- Instructions for the task:
Give back all the data exactly as it was written.

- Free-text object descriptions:
>>>

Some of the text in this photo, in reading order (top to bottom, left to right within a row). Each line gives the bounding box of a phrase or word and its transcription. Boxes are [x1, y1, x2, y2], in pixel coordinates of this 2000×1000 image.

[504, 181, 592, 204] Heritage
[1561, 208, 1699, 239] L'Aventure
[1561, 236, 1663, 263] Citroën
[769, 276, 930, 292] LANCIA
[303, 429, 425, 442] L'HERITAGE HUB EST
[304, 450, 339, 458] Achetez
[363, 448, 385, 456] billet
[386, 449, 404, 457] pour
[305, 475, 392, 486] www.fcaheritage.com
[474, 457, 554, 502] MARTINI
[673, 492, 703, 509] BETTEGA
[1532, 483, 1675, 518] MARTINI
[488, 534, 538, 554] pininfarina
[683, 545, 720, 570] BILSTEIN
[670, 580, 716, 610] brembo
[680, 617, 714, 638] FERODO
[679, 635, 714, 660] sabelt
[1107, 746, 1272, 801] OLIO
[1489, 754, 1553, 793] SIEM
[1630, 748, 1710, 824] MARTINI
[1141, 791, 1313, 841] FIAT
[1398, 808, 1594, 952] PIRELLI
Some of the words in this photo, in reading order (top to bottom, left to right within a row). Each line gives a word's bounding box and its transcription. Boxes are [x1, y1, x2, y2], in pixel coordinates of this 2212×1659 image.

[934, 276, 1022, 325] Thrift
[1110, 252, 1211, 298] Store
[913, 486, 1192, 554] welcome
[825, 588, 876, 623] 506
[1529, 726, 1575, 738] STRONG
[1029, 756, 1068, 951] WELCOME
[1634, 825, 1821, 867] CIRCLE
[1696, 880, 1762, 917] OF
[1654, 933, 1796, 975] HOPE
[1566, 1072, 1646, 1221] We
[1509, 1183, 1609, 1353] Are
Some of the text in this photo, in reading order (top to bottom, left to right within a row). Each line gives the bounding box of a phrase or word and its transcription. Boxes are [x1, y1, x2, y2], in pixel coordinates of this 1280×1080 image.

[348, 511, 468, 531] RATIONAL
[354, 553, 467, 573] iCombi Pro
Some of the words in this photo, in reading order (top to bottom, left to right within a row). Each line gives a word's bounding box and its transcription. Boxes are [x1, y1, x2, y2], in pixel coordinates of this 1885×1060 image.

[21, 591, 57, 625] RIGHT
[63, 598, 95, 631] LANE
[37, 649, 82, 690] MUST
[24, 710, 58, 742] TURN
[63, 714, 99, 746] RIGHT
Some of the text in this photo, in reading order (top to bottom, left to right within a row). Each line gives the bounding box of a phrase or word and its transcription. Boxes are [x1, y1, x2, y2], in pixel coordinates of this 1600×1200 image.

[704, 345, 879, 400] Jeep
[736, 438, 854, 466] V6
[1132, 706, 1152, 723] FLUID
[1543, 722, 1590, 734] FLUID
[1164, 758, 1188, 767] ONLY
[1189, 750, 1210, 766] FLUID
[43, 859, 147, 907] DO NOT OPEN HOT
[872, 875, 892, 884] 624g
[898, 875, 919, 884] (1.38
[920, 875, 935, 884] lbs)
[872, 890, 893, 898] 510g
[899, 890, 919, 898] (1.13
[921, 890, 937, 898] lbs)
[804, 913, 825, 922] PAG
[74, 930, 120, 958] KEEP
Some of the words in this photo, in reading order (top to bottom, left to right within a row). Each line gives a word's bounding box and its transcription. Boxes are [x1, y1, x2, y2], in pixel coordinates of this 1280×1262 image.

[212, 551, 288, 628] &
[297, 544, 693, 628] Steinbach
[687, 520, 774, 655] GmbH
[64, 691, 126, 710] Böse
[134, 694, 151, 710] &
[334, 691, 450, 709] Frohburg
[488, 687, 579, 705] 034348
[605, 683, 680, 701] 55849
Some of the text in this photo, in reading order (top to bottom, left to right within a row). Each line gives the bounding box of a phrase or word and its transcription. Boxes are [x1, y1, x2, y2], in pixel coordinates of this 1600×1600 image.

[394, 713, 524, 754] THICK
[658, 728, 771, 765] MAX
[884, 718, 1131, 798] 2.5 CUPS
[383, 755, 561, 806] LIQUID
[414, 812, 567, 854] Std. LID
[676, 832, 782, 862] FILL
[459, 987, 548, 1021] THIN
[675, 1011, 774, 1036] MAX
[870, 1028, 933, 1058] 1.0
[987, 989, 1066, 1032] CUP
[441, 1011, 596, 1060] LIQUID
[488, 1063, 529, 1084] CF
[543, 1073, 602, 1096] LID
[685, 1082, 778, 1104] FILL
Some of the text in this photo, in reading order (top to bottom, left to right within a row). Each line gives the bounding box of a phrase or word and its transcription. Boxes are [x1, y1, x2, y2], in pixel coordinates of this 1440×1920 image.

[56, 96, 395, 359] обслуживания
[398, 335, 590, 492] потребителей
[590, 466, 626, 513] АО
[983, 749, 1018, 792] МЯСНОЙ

<<<

- Your solution:
Some of the text in this photo, in reading order (top to bottom, left to right within a row). Each line gives the bounding box of a phrase or word and its transcription. Boxes are [x1, y1, x2, y2], in pixel coordinates of this 2000×1000 image.

[504, 181, 592, 204] Heritage
[1561, 208, 1699, 239] L'Aventure
[1561, 236, 1663, 263] Citroën
[769, 276, 930, 292] LANCIA
[303, 429, 425, 442] L'HERITAGE HUB EST
[304, 450, 339, 458] Achetez
[363, 448, 385, 456] billet
[386, 449, 404, 457] pour
[305, 475, 392, 486] www.fcaheritage.com
[474, 457, 554, 502] MARTINI
[673, 492, 703, 509] BETTEGA
[1532, 483, 1675, 518] MARTINI
[488, 534, 538, 554] pininfarina
[683, 545, 720, 570] BILSTEIN
[670, 580, 716, 610] brembo
[680, 617, 714, 638] FERODO
[679, 635, 714, 660] sabelt
[1107, 746, 1272, 801] OLIO
[1489, 754, 1553, 793] SIEM
[1630, 748, 1710, 824] MARTINI
[1141, 791, 1313, 841] FIAT
[1398, 808, 1594, 952] PIRELLI
Some of the words in this photo, in reading order (top to bottom, left to right within a row). Each line gives a word's bounding box and its transcription. Boxes are [x1, y1, x2, y2], in pixel coordinates of this 2212×1659 image.

[934, 276, 1022, 325] Thrift
[1110, 252, 1211, 298] Store
[913, 486, 1192, 554] welcome
[825, 588, 876, 623] 506
[1529, 726, 1575, 738] STRONG
[1029, 756, 1068, 951] WELCOME
[1634, 825, 1821, 867] CIRCLE
[1696, 880, 1762, 917] OF
[1654, 933, 1796, 975] HOPE
[1566, 1072, 1646, 1221] We
[1509, 1183, 1609, 1353] Are
Some of the text in this photo, in reading order (top to bottom, left to right within a row). Each line gives the bounding box of a phrase or word and its transcription. Boxes are [x1, y1, x2, y2], in pixel coordinates of this 1280×1080 image.

[348, 511, 468, 531] RATIONAL
[354, 553, 467, 573] iCombi Pro
Some of the words in this photo, in reading order (top to bottom, left to right within a row). Each line gives a word's bounding box and its transcription. Boxes are [x1, y1, x2, y2], in pixel coordinates of this 1885×1060 image.

[21, 591, 57, 625] RIGHT
[63, 598, 95, 631] LANE
[37, 649, 82, 690] MUST
[24, 710, 58, 742] TURN
[63, 714, 99, 746] RIGHT
Some of the text in this photo, in reading order (top to bottom, left to right within a row). Each line gives the bounding box of a phrase or word and its transcription. Boxes are [x1, y1, x2, y2], in pixel coordinates of this 1600×1200 image.

[704, 345, 879, 400] Jeep
[736, 438, 854, 466] V6
[1132, 706, 1152, 723] FLUID
[1543, 722, 1590, 734] FLUID
[1164, 758, 1188, 767] ONLY
[1189, 750, 1210, 766] FLUID
[43, 859, 147, 907] DO NOT OPEN HOT
[872, 875, 892, 884] 624g
[898, 875, 919, 884] (1.38
[920, 875, 935, 884] lbs)
[872, 890, 893, 898] 510g
[899, 890, 919, 898] (1.13
[921, 890, 937, 898] lbs)
[804, 913, 825, 922] PAG
[74, 930, 120, 958] KEEP
Some of the words in this photo, in reading order (top to bottom, left to right within a row). Each line gives a word's bounding box and its transcription. Boxes are [x1, y1, x2, y2], in pixel coordinates of this 1280×1262 image.

[212, 551, 288, 628] &
[297, 544, 693, 628] Steinbach
[687, 520, 774, 655] GmbH
[64, 691, 126, 710] Böse
[134, 694, 151, 710] &
[334, 691, 450, 709] Frohburg
[488, 687, 579, 705] 034348
[605, 683, 680, 701] 55849
Some of the text in this photo, in reading order (top to bottom, left to right within a row). Each line gives the bounding box of a phrase or word and its transcription. Boxes are [x1, y1, x2, y2], in pixel coordinates of this 1600×1600 image.

[394, 713, 524, 754] THICK
[658, 728, 771, 765] MAX
[884, 718, 1131, 798] 2.5 CUPS
[383, 755, 561, 806] LIQUID
[414, 812, 567, 854] Std. LID
[676, 832, 782, 862] FILL
[459, 987, 548, 1021] THIN
[675, 1011, 774, 1036] MAX
[870, 1028, 933, 1058] 1.0
[987, 989, 1066, 1032] CUP
[441, 1011, 596, 1060] LIQUID
[488, 1063, 529, 1084] CF
[543, 1073, 602, 1096] LID
[685, 1082, 778, 1104] FILL
Some of the text in this photo, in reading order (top to bottom, left to right within a row). Each line gives the bounding box of a phrase or word and its transcription. Boxes are [x1, y1, x2, y2], in pixel coordinates of this 1440×1920 image.

[56, 96, 395, 359] обслуживания
[398, 335, 590, 492] потребителей
[590, 466, 626, 513] АО
[983, 749, 1018, 792] МЯСНОЙ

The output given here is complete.